Lucas commença chez Fournier Mobilités le lundi suivant.
À huit heures précises.
Il passa sa première matinée dans un atelier.
Casque de sécurité.
Chaussures neuves.
Gilet fluorescent.
Un technicien nommé Karim lui expliqua comment suivre un planning de maintenance.
Lucas posa trop de questions.
Karim finit par rire.
« Tu veux tout comprendre aujourd’hui ? »
« Si possible. »
« Impossible. »
« Demain alors. »
« Encore pire. »
Lucas sourit.
À midi, il reçut un message.
Numéro inconnu.
Il l’ouvrit.
Bonjour Lucas. C’est Bernard.

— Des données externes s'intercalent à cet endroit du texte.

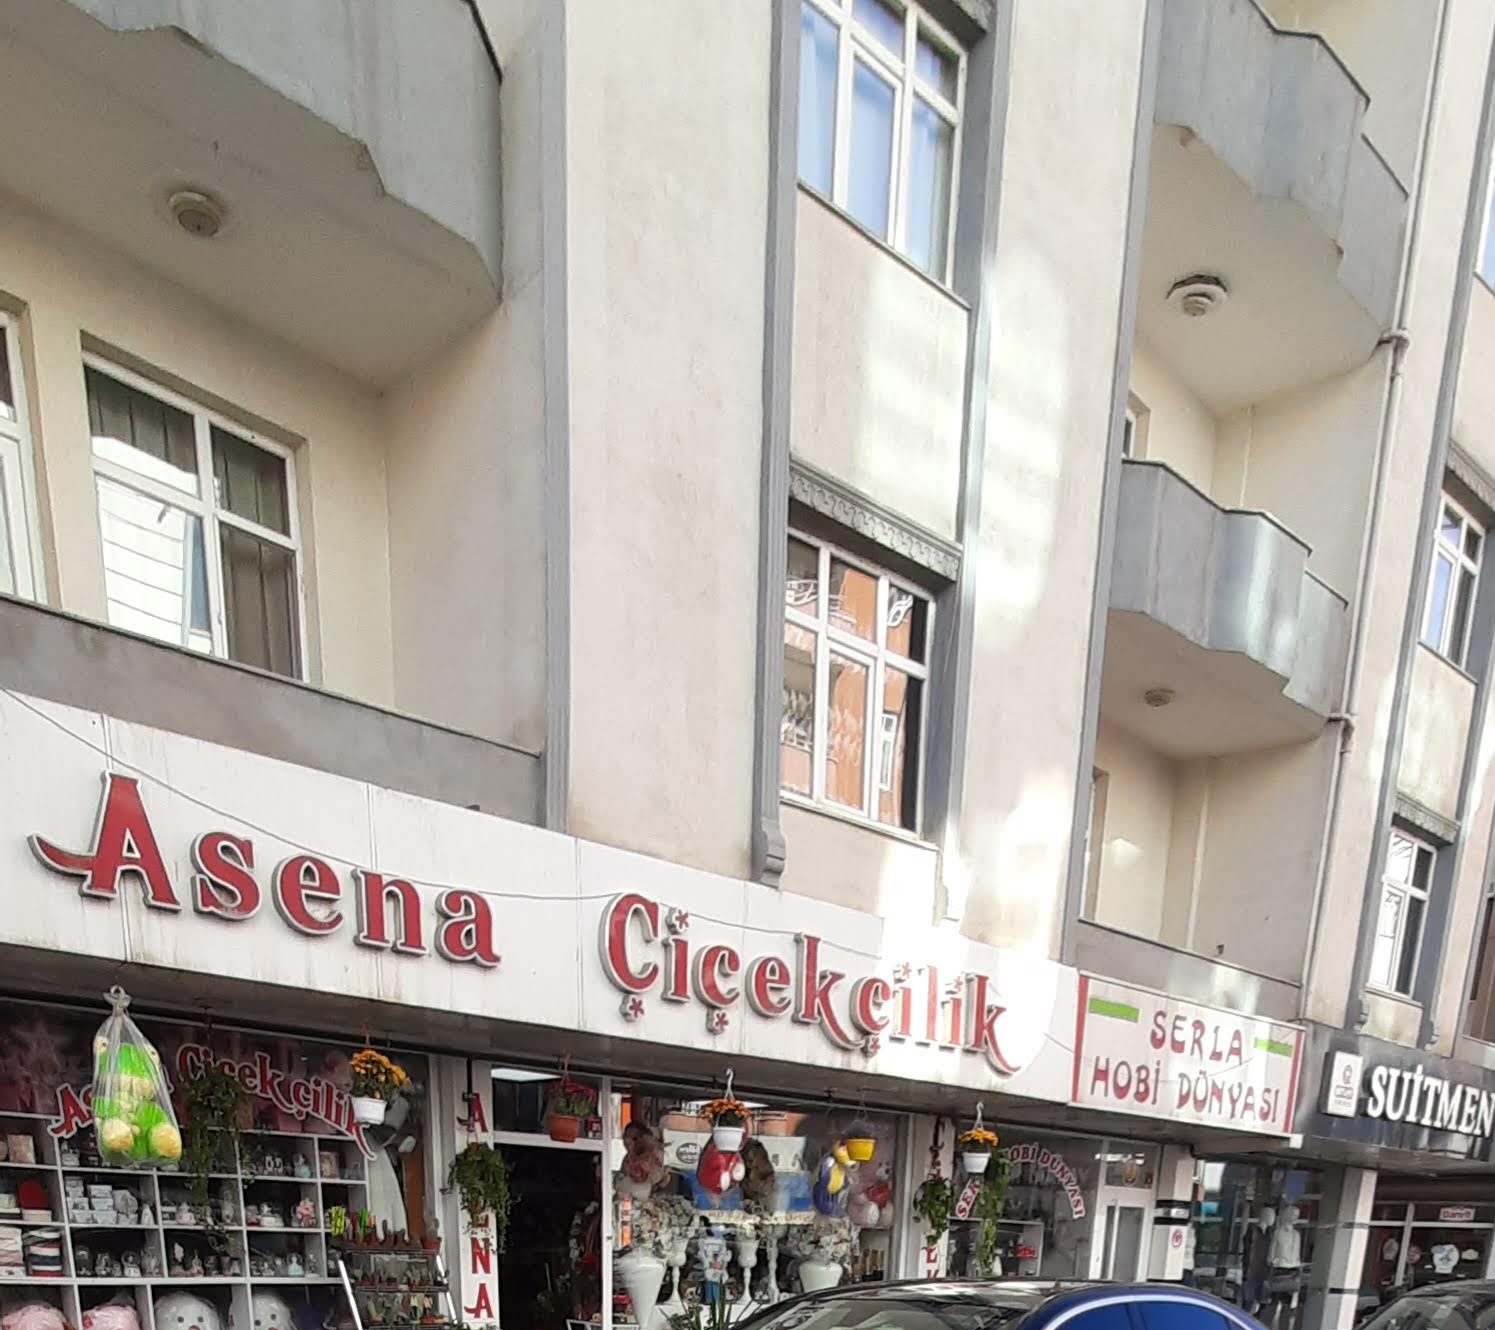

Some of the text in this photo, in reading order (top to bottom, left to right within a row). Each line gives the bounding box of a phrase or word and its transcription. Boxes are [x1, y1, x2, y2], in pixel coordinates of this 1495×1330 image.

Est-ce qu’on peut se parler ?
Lucas fixa l’écran.
Il ne répondit pas tout de suite.
Le message resta là pendant toute sa pause.
Puis il tapa :
Oui.
Bernard répondit presque immédiatement.
À la station ? Après ton travail ?
Lucas hésita.
Puis :
D’accord.
À dix-huit heures trente, Lucas se retrouva de nouveau sous l’auvent de la station.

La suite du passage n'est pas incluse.